If there are no such tools available, Please advice on whether to use OpenCL or anything else to reprogram my code.

tshepang
  • 12,111
  • 21
  • 91
  • 136
clu3Less
  • 1,812
  • 3
  • 17
  • 20
  • 1
    Rather unclear, at least to me. Are you looking for a compiler that automatically "GPU-accelerates" your code, or a GPU-accelerated compiler? – unwind Dec 07 '11 at 14:40
  • 30
    I'm pretty sure he means a GPU-accelerated compiler. – RCE Dec 07 '11 at 14:44
  • I rather doubt that compilation will benefit from running on a GPU. Could you be more specific about (1) what you are trying to accomplish and (2) what you've done to identify the bottlenecks in your existing process. – dmckee --- ex-moderator kitten Dec 07 '11 at 18:52
  • Im trying to implement something similar to.. [ACOVEA](http://en.gentoo-wiki.com/wiki/Acovea). But ACOVEA is very slow. I was just wondering if there is a way to accelerate this program performance with GPU acceleration. Im sry if I'm blabbering blunders. I dont know much about GPU acceleration. – clu3Less Dec 07 '11 at 20:55
  • In this case it is not ACOVEA that is slow, but the individual builds. That's not surprising, a lot of builds are inefficient and a lot of ink has been spilled about how that might be improved, but none of that is in the control of ACOVEA nor will it be in *your* control. I think you're just out of luck. What this process *could* benefit from is parallelizing the individual builds across many cores (or better separate machines with their own IO infrastructure). Still, the tests have to be run locally no matter what. – dmckee --- ex-moderator kitten Dec 08 '11 at 15:12
  • Thnx @dmckee. One Last question. So it not possible to re-program this in CUDA or OpenCL to improve performance? – clu3Less Dec 09 '11 at 00:49

2 Answers2

43

A. In an imperative programming language, statements are executed in sequence, and each statement may change the program's state. So analyzing translation units is inherently sequential.
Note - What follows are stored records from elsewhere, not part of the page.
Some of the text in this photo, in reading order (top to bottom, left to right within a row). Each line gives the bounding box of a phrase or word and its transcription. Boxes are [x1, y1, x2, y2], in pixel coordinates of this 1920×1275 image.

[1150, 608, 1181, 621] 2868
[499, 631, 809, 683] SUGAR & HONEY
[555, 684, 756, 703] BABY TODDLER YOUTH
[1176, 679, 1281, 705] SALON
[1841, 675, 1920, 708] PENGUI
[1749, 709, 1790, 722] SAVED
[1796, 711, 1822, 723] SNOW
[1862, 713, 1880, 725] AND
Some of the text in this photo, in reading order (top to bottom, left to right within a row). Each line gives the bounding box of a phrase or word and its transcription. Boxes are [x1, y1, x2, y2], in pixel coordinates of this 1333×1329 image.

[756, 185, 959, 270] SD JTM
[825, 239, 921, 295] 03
An example: Check out how constant propagation might work -

a = 5;
b = a + 7;
c = a + b + 9;

You need to go through those statements sequentially before you figure out that the values assigned to b and c are constants at compile time.

(However separate basic blocks may possibly be compiled and optimized in parallel with each other.)
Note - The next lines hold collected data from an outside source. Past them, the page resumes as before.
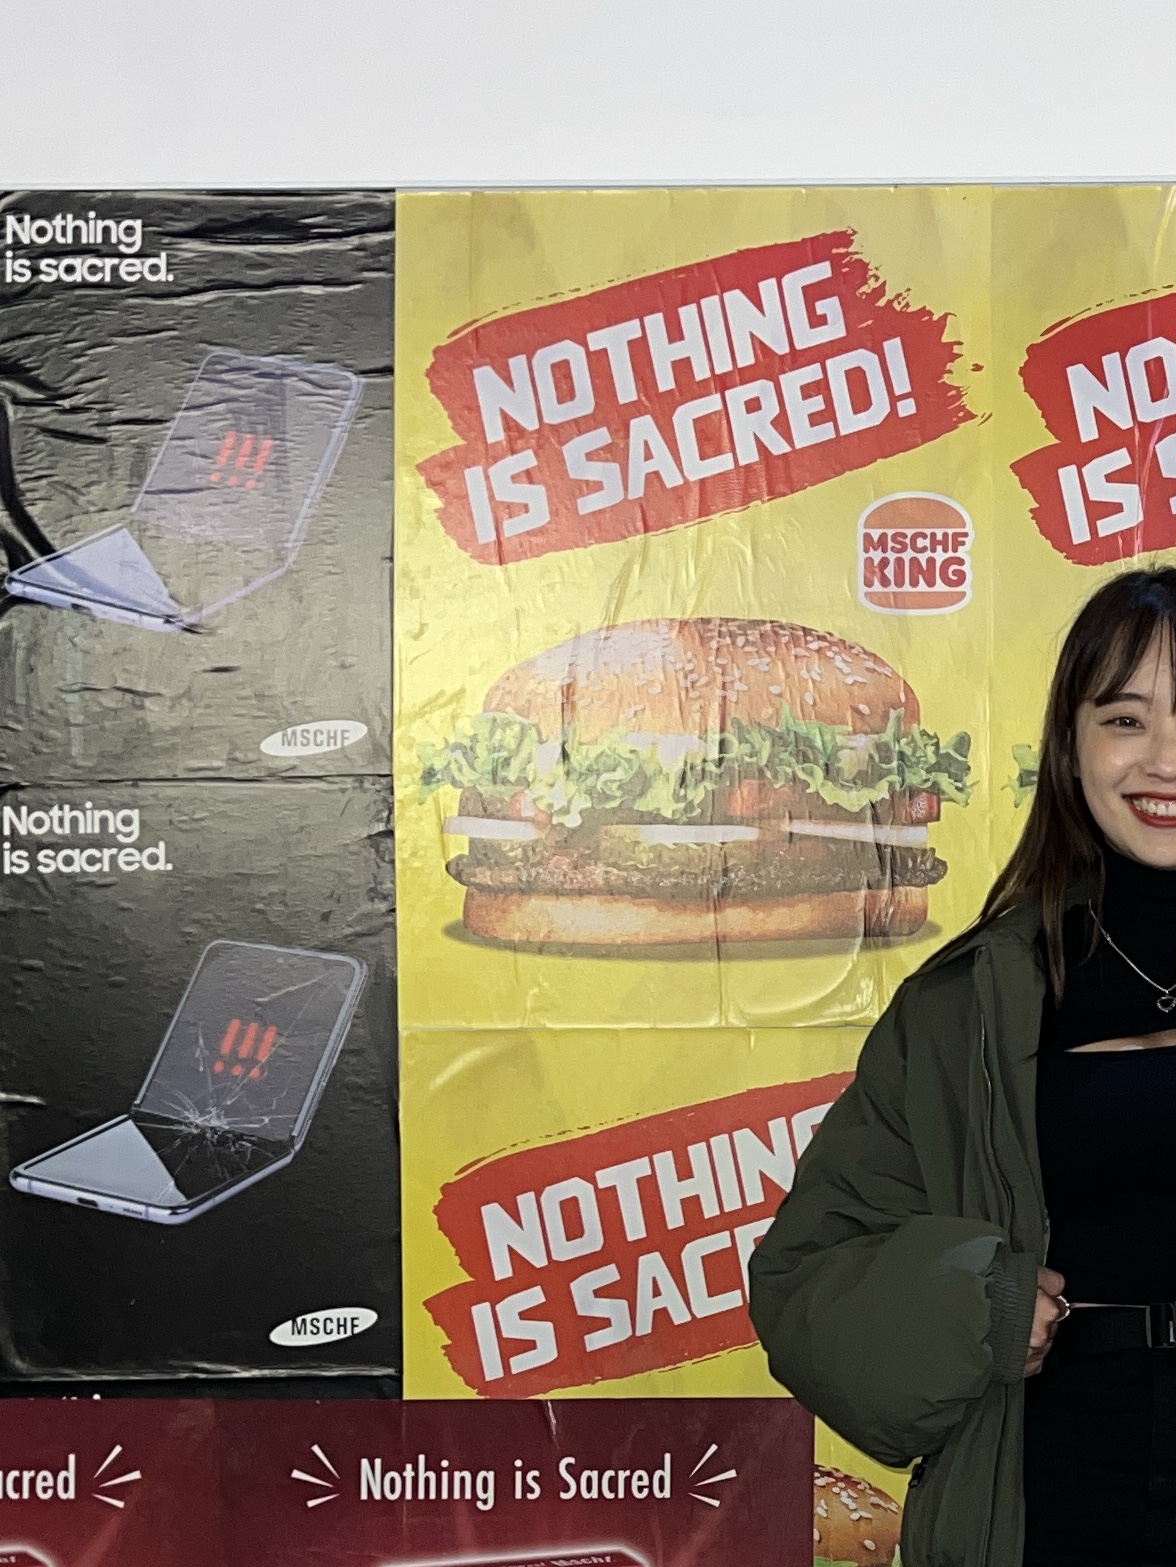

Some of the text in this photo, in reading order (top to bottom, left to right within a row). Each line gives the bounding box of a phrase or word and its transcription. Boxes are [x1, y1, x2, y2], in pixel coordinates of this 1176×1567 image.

[5, 212, 142, 254] Nothing
[5, 252, 174, 283] is sacred.
[472, 261, 846, 444] NOTHING
[464, 338, 917, 545] IS SACRED!
[1058, 447, 1144, 544] IS
[863, 531, 968, 554] MSCHF
[863, 556, 967, 589] KING
[281, 729, 351, 748] MSCHF
[3, 801, 139, 843] Nothing
[3, 840, 173, 874] is sacred.
[291, 1316, 361, 1337] MSCHF
[471, 1285, 558, 1382] IS
[0, 1453, 76, 1500] cred
[359, 1452, 671, 1510] Nothing is Sacred
B. On top of this, different passes need to execute sequentially as well, and affect each other.

An example: Based on a schedule of instructions, you allocate registers, then you find that you need to spill a register to memory, so you need to generate new instructions. This changes the schedule again.

So you can't execute 'passes' like 'register allocation' and 'scheduling' in parallel either (actually, I think there are articles where computer scientists/mathematicians have tried to solve these two problems together, but lets not go into that).
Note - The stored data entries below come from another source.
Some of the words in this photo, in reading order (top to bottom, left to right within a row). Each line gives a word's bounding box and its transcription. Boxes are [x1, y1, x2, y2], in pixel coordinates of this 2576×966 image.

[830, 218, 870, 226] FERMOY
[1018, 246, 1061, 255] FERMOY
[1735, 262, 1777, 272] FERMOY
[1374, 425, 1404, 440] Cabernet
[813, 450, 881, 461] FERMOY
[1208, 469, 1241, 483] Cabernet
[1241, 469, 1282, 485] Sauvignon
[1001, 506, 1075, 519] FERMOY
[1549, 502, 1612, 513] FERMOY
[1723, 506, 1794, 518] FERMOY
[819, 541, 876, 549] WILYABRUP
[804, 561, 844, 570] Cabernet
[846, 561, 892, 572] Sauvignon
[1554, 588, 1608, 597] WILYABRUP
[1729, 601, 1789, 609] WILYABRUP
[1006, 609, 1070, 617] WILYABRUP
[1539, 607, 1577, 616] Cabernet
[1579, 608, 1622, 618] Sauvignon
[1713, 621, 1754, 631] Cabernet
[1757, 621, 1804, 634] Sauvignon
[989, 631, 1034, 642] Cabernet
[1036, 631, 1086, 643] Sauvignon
(Again, one can achieve some parallelism by pipelining passes.)

Moreover, GPUs especially don't fit because:

  1. GPUs are good at floating point math. Something compilers don't need or use much (except when optimizing floating point arithmetic in the program)

  2. GPUs are good at SIMD. i.e. performing the same operation on multiple inputs. This is again, not something a compiler needs to do. There may be a benefit if the compiler needs to, say, optimize several hundred floating point operations away (A wild example would be: the programmer defined several large FP arrays, assigned constants to them, and then wrote code to operate on these. A very badly written program indeed.)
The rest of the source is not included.